● **Task instructions**: Set down every entry below exactly as it stands.

● **Data in this exercise**:
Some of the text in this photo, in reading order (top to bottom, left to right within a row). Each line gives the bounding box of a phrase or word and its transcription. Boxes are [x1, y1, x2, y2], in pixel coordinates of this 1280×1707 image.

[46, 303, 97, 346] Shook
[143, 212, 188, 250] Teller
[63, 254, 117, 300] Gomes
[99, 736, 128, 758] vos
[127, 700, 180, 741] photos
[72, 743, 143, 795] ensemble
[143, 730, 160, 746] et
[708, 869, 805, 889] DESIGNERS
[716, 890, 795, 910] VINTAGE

● **Solved exercise**:
Some of the text in this photo, in reading order (top to bottom, left to right within a row). Each line gives the bounding box of a phrase or word and its transcription. Boxes are [x1, y1, x2, y2], in pixel coordinates of this 1280×1707 image.

[46, 303, 97, 346] Shook
[143, 212, 188, 250] Teller
[63, 254, 117, 300] Gomes
[99, 736, 128, 758] vos
[127, 700, 180, 741] photos
[72, 743, 143, 795] ensemble
[143, 730, 160, 746] et
[708, 869, 805, 889] DESIGNERS
[716, 890, 795, 910] VINTAGE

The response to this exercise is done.